Toward a Nuanced, Feminist Discussion on Venezuela
In the last week, Venezuelans have come out to protest en masse in cities across the country. Depending on where you’re getting your information, people are protesting because they’re wealthy brats who are mad that they’re no longer able to get the official exchange rate for their foreign vacations, or they’re protesting an extremely unstable economy, a lack of basic goods like staple foods and toilet paper, and endemic violence. The truth is, well, both. The fact is, wealthier Venezuelans are mad. Over the last 15 years, since the election of Hugo Chavez, wealth has undergone a massive redistribution - no question a positive thing in an extremely uneven and disparate economic landscape - and the Venezuelan rich have been pretty upset about it; they kinda liked all their money. During this time, there is absolutely no question that the material conditions of poor Venezuelans improved vastly. These things, along with the charisma, guts, and equal parts biting and hilarious political commentary of the late Hugo Chavez have made Venezuela’s leftist project - now led by Chavez’s far less charismatic successor, Nicolás Maduro - the darling of leftist movements worldwide. This has also made Venezuela a major target of unwarranted and undemocratic political intervention by the United States, part of a long history of political intervention in South American left governments.
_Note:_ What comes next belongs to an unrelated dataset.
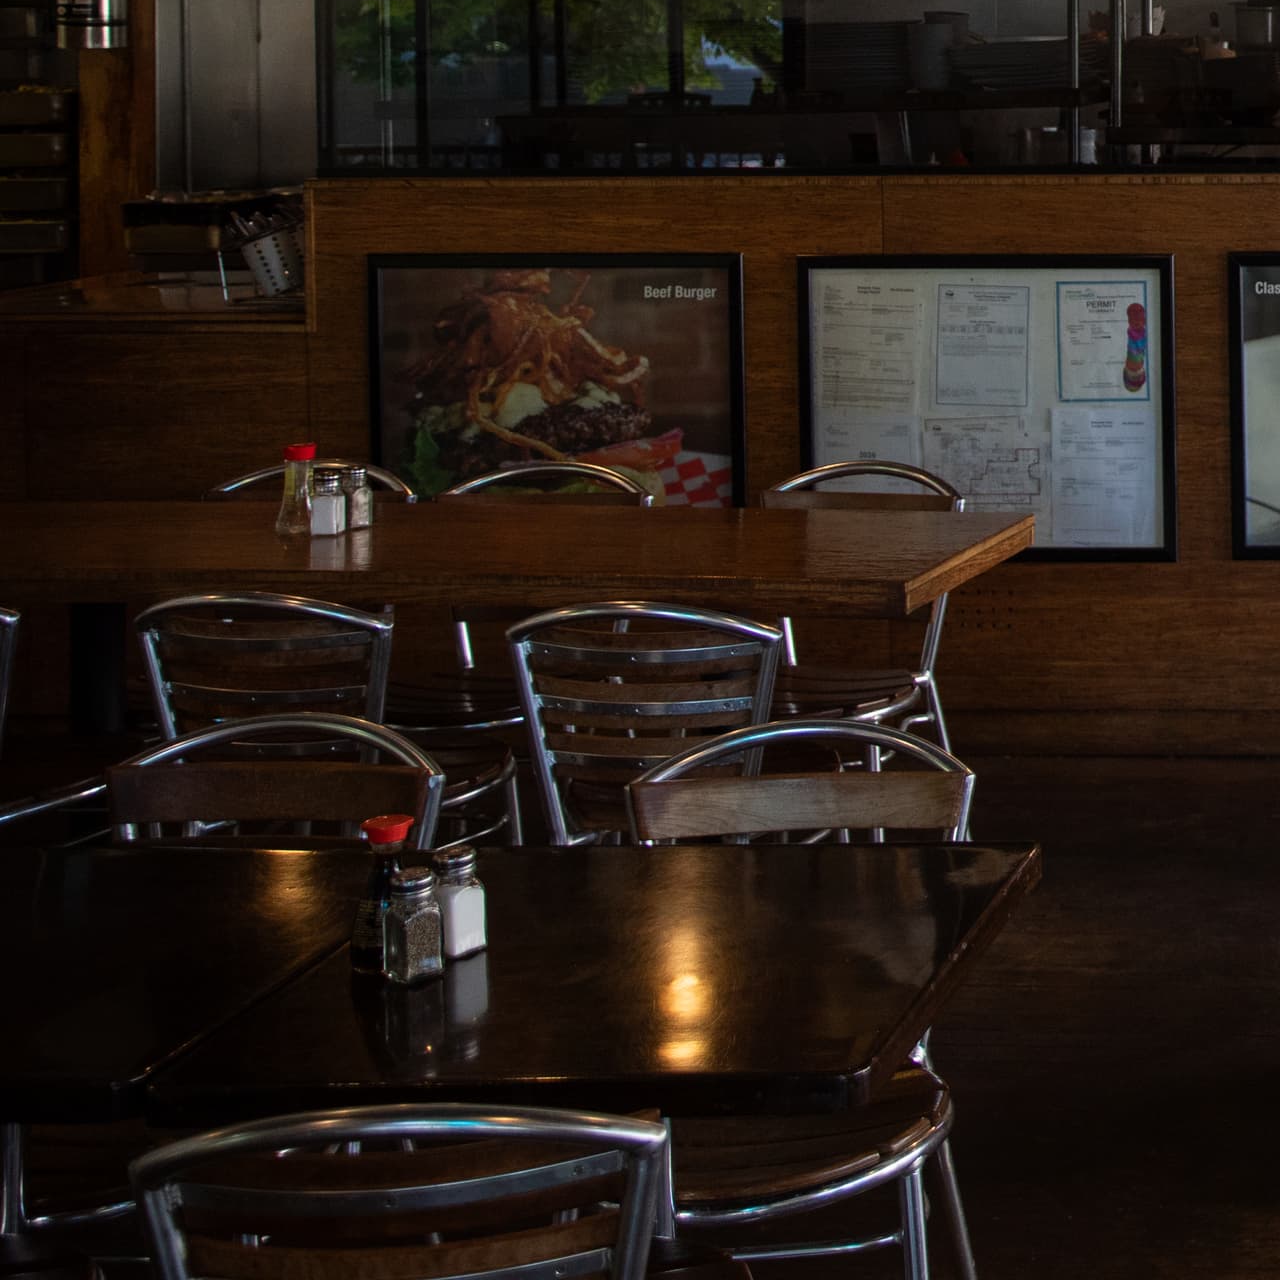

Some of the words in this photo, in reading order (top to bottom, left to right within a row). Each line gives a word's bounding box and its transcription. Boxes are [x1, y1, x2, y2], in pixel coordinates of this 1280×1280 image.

The economy is devastated, and 2013 ended with an official inflation rate of 58%, with inflation on the black market - to which an increasing number of Venezuelans are turning - at rates at least five or six times that. Think about that for a second. What folks were getting paid in January of last year? Now it’s worth 60%-300% less. If they happened to have managed to save any money, well, that was a bad move, as it’s worth a whole lot less now. This is a national phenomenon, affecting everyone, and actually mostly affecting poor folks - a lot of wealthier folks with jobs at multinational corporations have managed to start getting paid in dollars, so it’s a sweet deal for them. This reality is also part of the context of the protests.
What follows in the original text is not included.